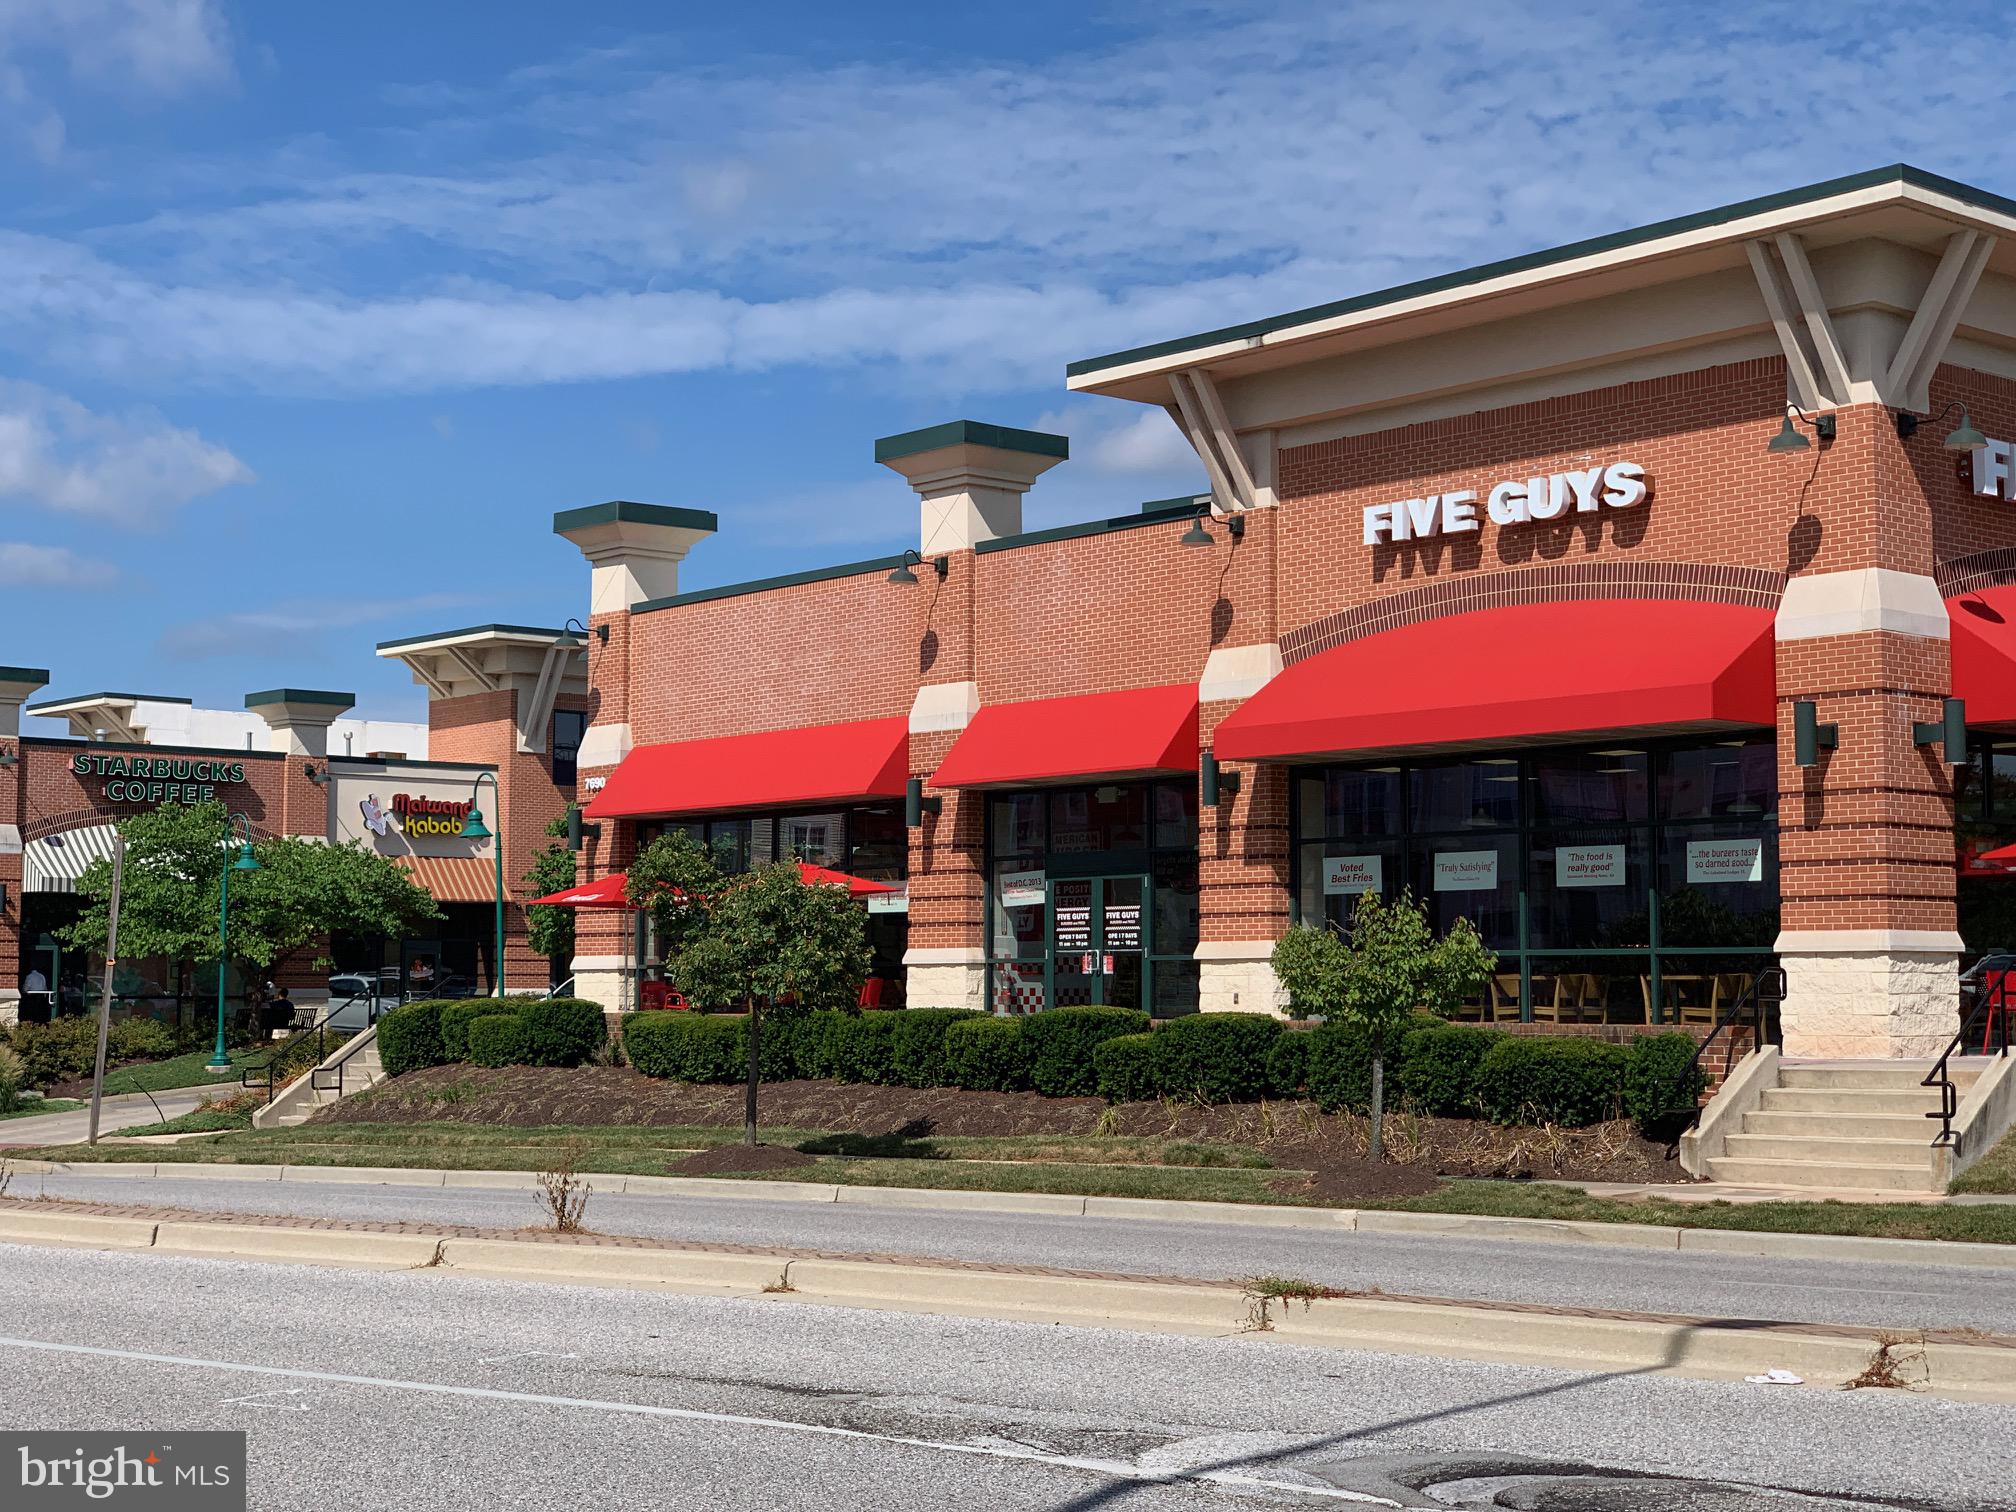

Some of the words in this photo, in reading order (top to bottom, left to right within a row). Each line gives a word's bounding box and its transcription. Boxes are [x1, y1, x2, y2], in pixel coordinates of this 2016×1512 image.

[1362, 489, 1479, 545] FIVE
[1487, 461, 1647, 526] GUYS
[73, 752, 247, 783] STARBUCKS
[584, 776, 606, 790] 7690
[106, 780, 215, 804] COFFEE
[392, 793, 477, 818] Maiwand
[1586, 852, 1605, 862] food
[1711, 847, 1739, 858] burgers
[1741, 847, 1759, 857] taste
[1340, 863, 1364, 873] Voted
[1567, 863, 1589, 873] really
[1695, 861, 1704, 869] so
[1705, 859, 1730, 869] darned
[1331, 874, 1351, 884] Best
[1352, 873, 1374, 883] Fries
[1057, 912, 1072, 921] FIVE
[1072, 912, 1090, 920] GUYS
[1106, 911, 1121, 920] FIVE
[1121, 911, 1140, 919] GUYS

-- WHAT IS EXPECTED --
Return the listing above in an exact copy that leaves out the images.

-- WRITTEN ANSWER --
Some of the words in this photo, in reading order (top to bottom, left to right within a row). Each line gives a word's bounding box and its transcription. Boxes are [x1, y1, x2, y2], in pixel coordinates of this 2016×1512 image.

[1362, 489, 1479, 545] FIVE
[1487, 461, 1647, 526] GUYS
[73, 752, 247, 783] STARBUCKS
[584, 776, 606, 790] 7690
[106, 780, 215, 804] COFFEE
[392, 793, 477, 818] Maiwand
[1586, 852, 1605, 862] food
[1711, 847, 1739, 858] burgers
[1741, 847, 1759, 857] taste
[1340, 863, 1364, 873] Voted
[1567, 863, 1589, 873] really
[1695, 861, 1704, 869] so
[1705, 859, 1730, 869] darned
[1331, 874, 1351, 884] Best
[1352, 873, 1374, 883] Fries
[1057, 912, 1072, 921] FIVE
[1072, 912, 1090, 920] GUYS
[1106, 911, 1121, 920] FIVE
[1121, 911, 1140, 919] GUYS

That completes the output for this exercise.